The same thing happened when the Suss*xes went to pay their respects on Memorial Day by visiting the Commonwealth war graves in Los Angeles, taking a snapper with them.
Similarly, in September of that year, when the Duke and Duchess visited a kindergarten to plant forget-me-nots to mark the anniversary of Diana’s d*ath, they later “released” footage of the visit, according to Telegraph report of that time.
What’s interesting to consider in this recent Archewell Thanksgiving post is why? The post talks about the work being done by the Women’s Center downtown, but it doesn’t encourage people to donate funds or come up with a few offers encouraging people anywhere to give back to their communities.

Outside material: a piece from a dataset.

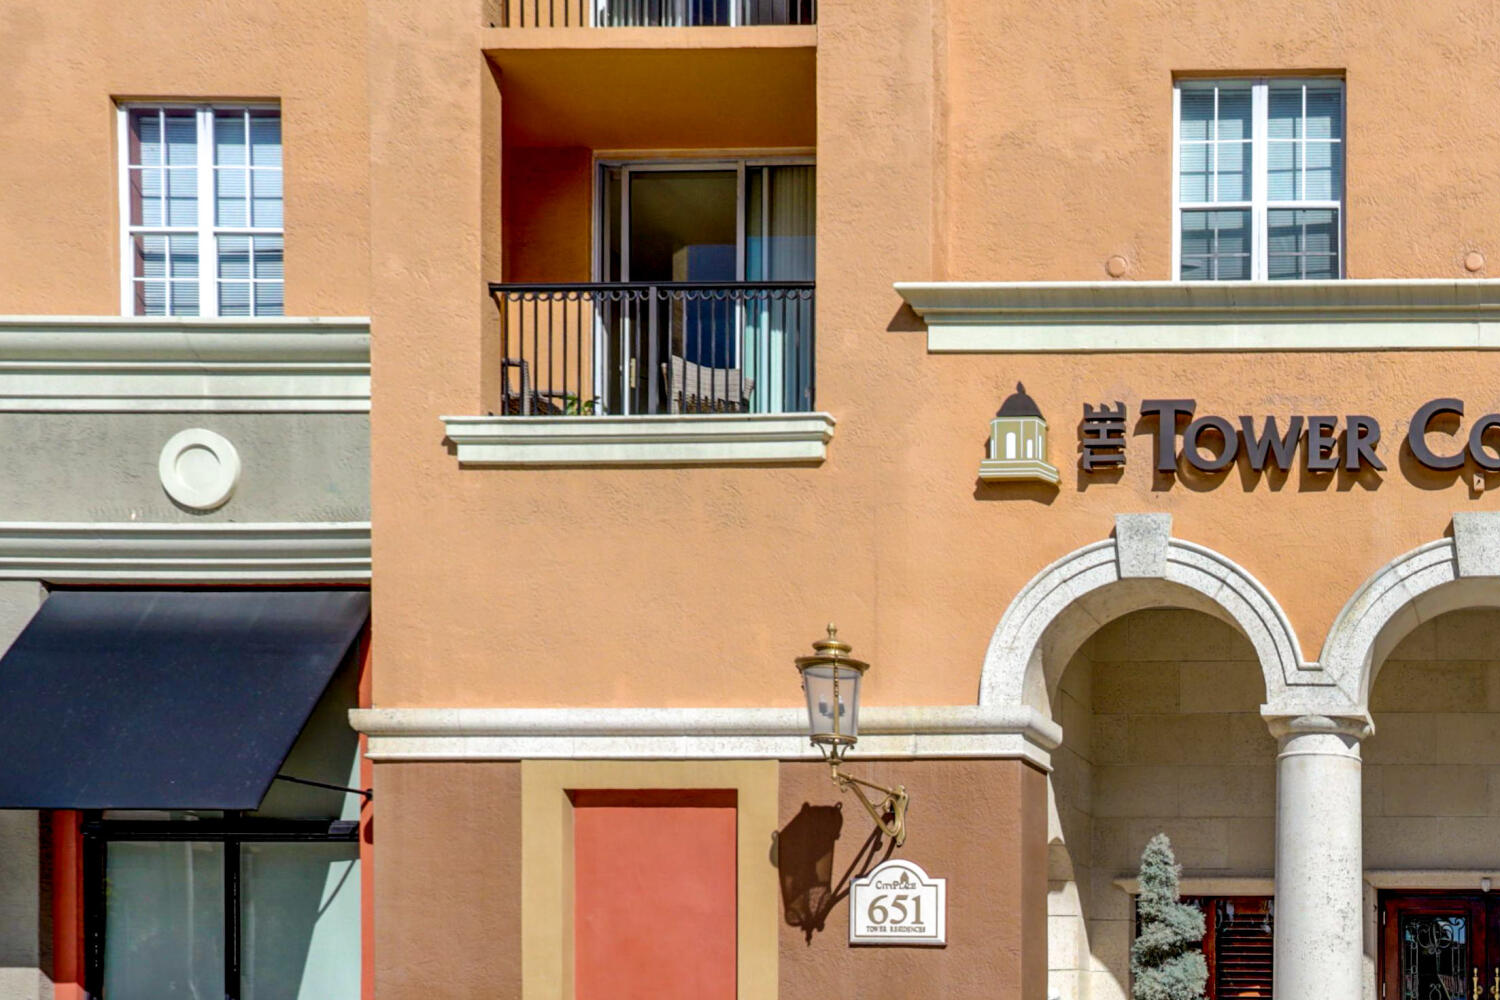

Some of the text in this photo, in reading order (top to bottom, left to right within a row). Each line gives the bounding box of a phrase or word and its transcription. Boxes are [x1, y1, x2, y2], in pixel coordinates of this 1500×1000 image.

Who benefits in the end? The goal seems to be to somehow scale up Archewell and get some rainbow publicity and also support DWC.
If we compare the photographs of Sophie, Camille and Megan with the walks they cover, the meaning of the first two photographs seems to be driven by a desire to draw attention to the work being done, not to the people who do it.
And later? It has a lot of altruism, but it also brings with it a handy dose of good publicity. It would seem that no good deed deserves to go unnoticed.
I’ll leave you with that. Sophie will join Camilla, Rania, Mary and Mathilde at the palace on Tuesday for a roundtable event on domestic violence.
Imagine if things had gone differently, how strong the image would have been if the Duchess of Suss*x were also part of this group, the women of the royal family banded together and took on violence against women.
Instead, on Tuesday, when four current and future queens gather for the UN-backed initiative, the Duchess will be at the Marriott Hotel in Indianapolis for an event called Women’s Power: An Evening with Meghan. will cost you $15,000.
Who do you think has the real power now?
Daniela Elser is a writer and royal commentator with over 15 years of experience working with a range of leading Australian media outlets.